_DATA FOR THE TASK_:
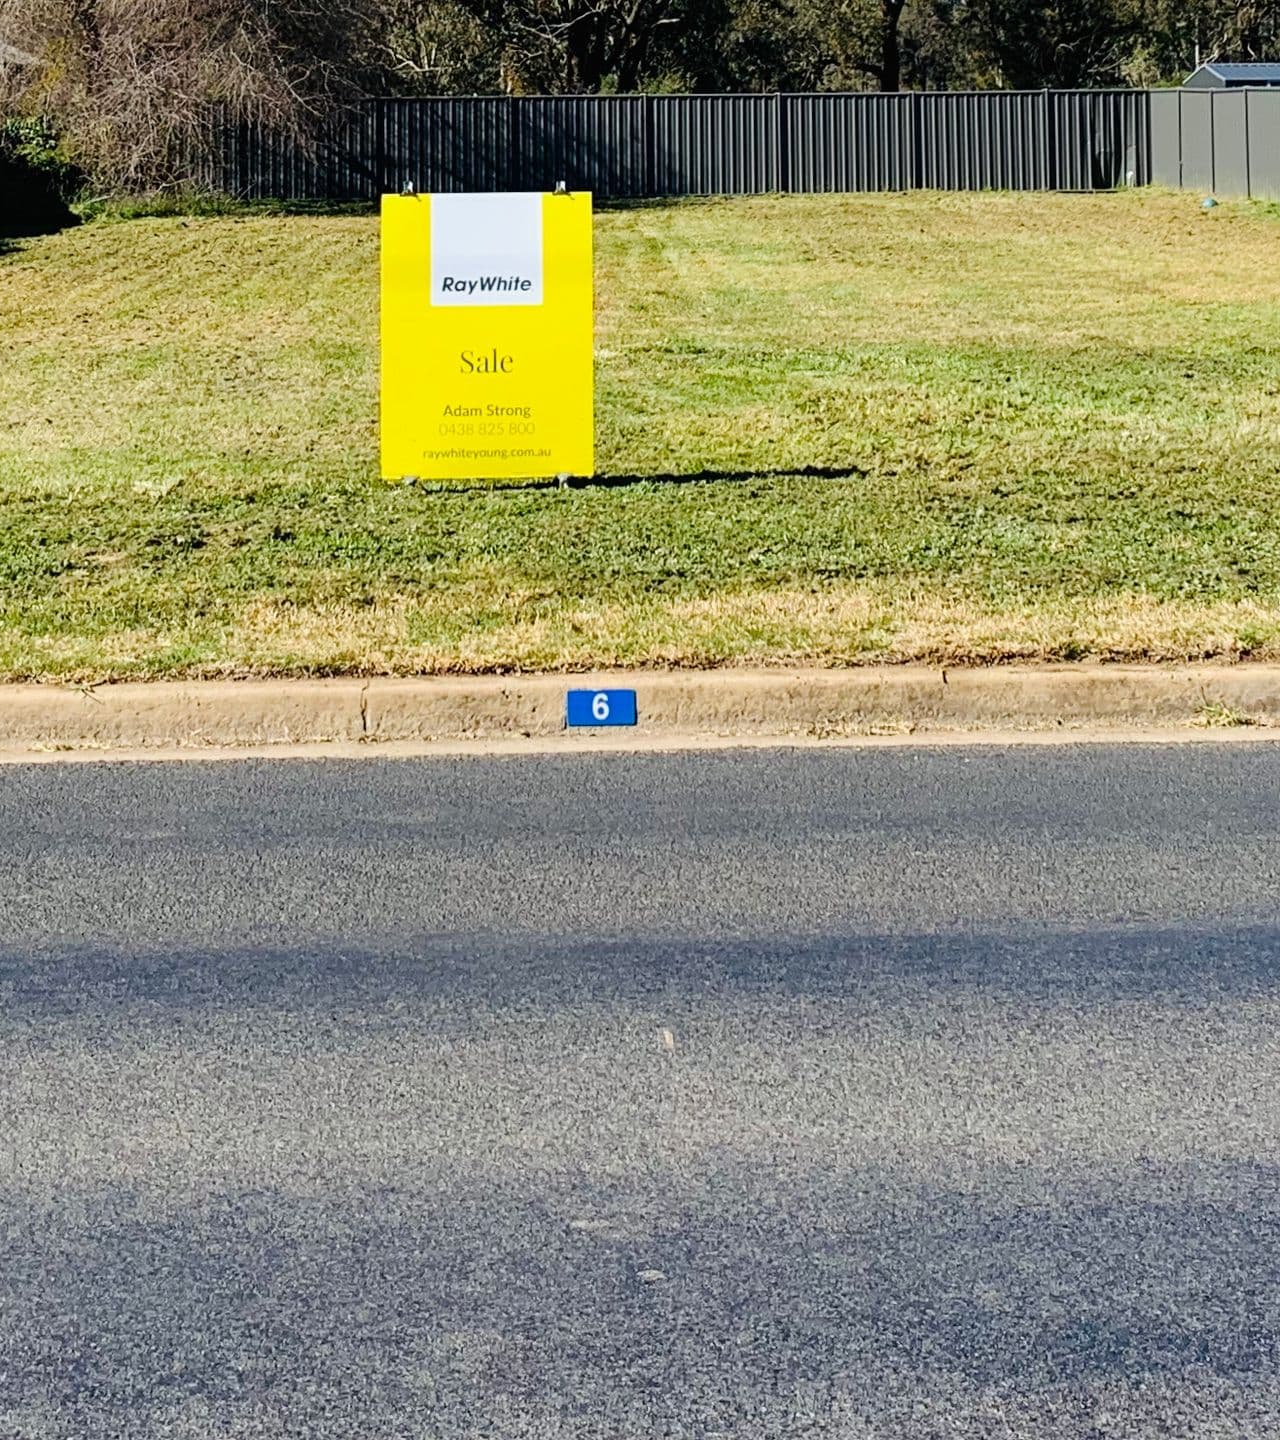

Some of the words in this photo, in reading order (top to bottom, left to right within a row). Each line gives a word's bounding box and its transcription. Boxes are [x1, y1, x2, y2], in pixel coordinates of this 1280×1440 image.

[460, 348, 514, 374] Sale
[443, 404, 482, 417] Adam
[486, 404, 531, 419] Strong
[438, 422, 474, 436] 0438
[478, 422, 504, 436] 825
[509, 422, 535, 436] 800
[423, 446, 552, 460] raywhiteyoung.com.au
[592, 693, 609, 720] 6

_WORK ORDER_: Pictures aside, repeat every line of the data above exactly.

_YOUR SOLUTION_:
Some of the words in this photo, in reading order (top to bottom, left to right within a row). Each line gives a word's bounding box and its transcription. Boxes are [x1, y1, x2, y2], in pixel coordinates of this 1280×1440 image.

[460, 348, 514, 374] Sale
[443, 404, 482, 417] Adam
[486, 404, 531, 419] Strong
[438, 422, 474, 436] 0438
[478, 422, 504, 436] 825
[509, 422, 535, 436] 800
[423, 446, 552, 460] raywhiteyoung.com.au
[592, 693, 609, 720] 6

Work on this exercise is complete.